A cute guy likes me on a dating app. After chatting with them for
weeks, we decide to go on a date. They are very flirtatious and forward
over the app, but not when we meet in person. He admits he thought I
was transmasc like him, we laugh about it because his mistake is
funny and means I'm not passing but in a silly backwards way. I think
his sudden awkwardness in person may be nervousness and flirt with
him in ways less forward and aggressive than he’d been flirting with
me earlier, and they become cold and distant for the rest of the date.
By the time I get home they’ve blocked me on the app we met on. This
case of being mistaken as a transmasc on a dating app will happen 3
more times, and in 2/3 times it results in a similar sudden lack of
interest where once they were coming on to me. None of these people
will be cis.
I am in a self defense class for queer people, learning hand to hand
combat as a community. I have been here months. I notice I'm the
only transfem in the classes but there are other trans people there so I
don't think much of it. Today I have some stubble as I did not have
time to shave before the early morning class. When discussing
unrealistic action movie and anime fight scenes I describe on of my.

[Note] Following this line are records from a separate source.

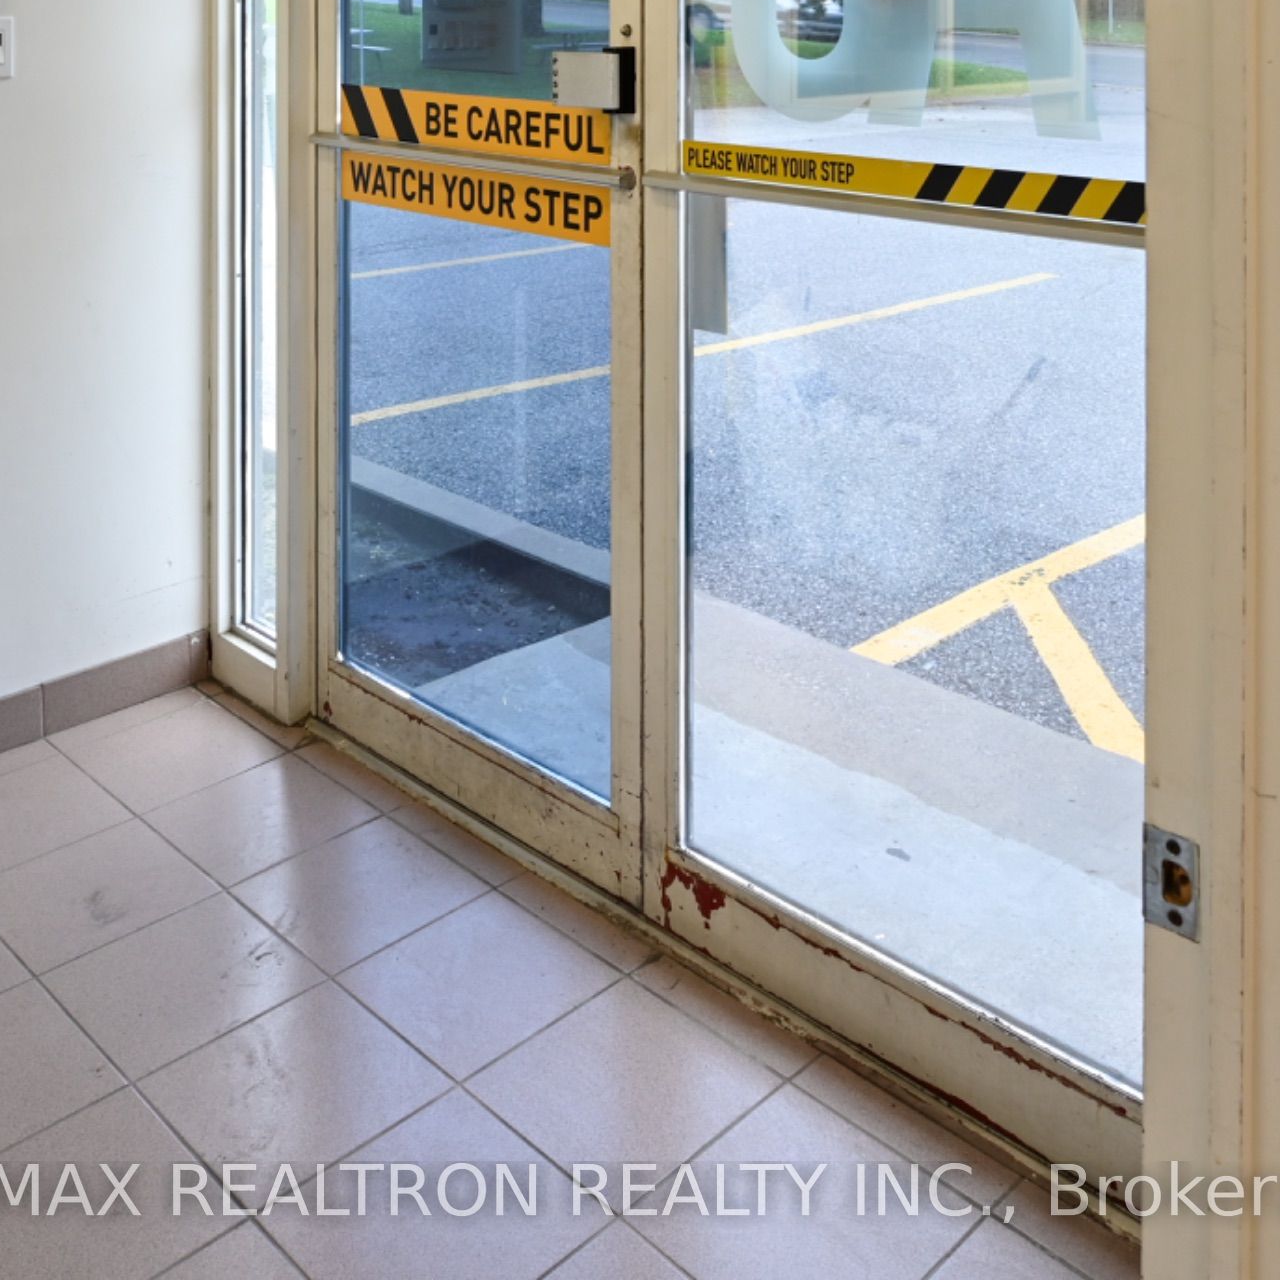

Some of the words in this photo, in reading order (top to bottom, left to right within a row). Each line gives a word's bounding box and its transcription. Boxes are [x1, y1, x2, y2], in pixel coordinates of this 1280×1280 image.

[425, 101, 459, 138] BE
[466, 105, 605, 155] CAREFUL
[687, 147, 732, 171] PLEASE
[735, 151, 778, 176] WATCH
[781, 156, 818, 181] YOUR
[820, 160, 856, 185] STEP
[350, 159, 434, 206] WATCH
[441, 173, 516, 220] YOUR
[523, 186, 604, 233] STEP

favorites, quoting the lines as I pantomime the goofy moves. They
smile and laugh along until the word bitch leaves my lips in one quote,
then the bisexual woman who only ever they/thems me glares at me
like I've committed a grevious crime, and the rest of the class looks at
me like a freak in awkward silence for a moment before moving on. I
learn bitch is not a word a clocky bitch can "reclaim’. 1 am quiet in
classes now, and when I go I focus primarily on the training, when I
see other trans women try it out they often give me a sad look and do
not return for a second class. I get a sinking feeling that if I ever use
this training to save my life one day I'd be branded a violent man
instead of a strong woman.
I am texting with a good friend of years who was one of the people
who helped me realize I was trans like them and even the one who
helped pick out my name loves talking about our shared interests and
sharing their favorite smut with me. We bond over favorite stories,
artists, characters, and kinks as well as our trans experience. Yet they
constantly tell me they could never date someone who's AMAB
because of the trauma of being “female socialized" and their genital
preferences for vulvas. Every compliment they have ever given me on
my appearance or outfit is followed up by "but in a non-sexual way, I
could never date you". Today I finally have the courage tell them they
don't need to say that every time. They ignore this response. We keep.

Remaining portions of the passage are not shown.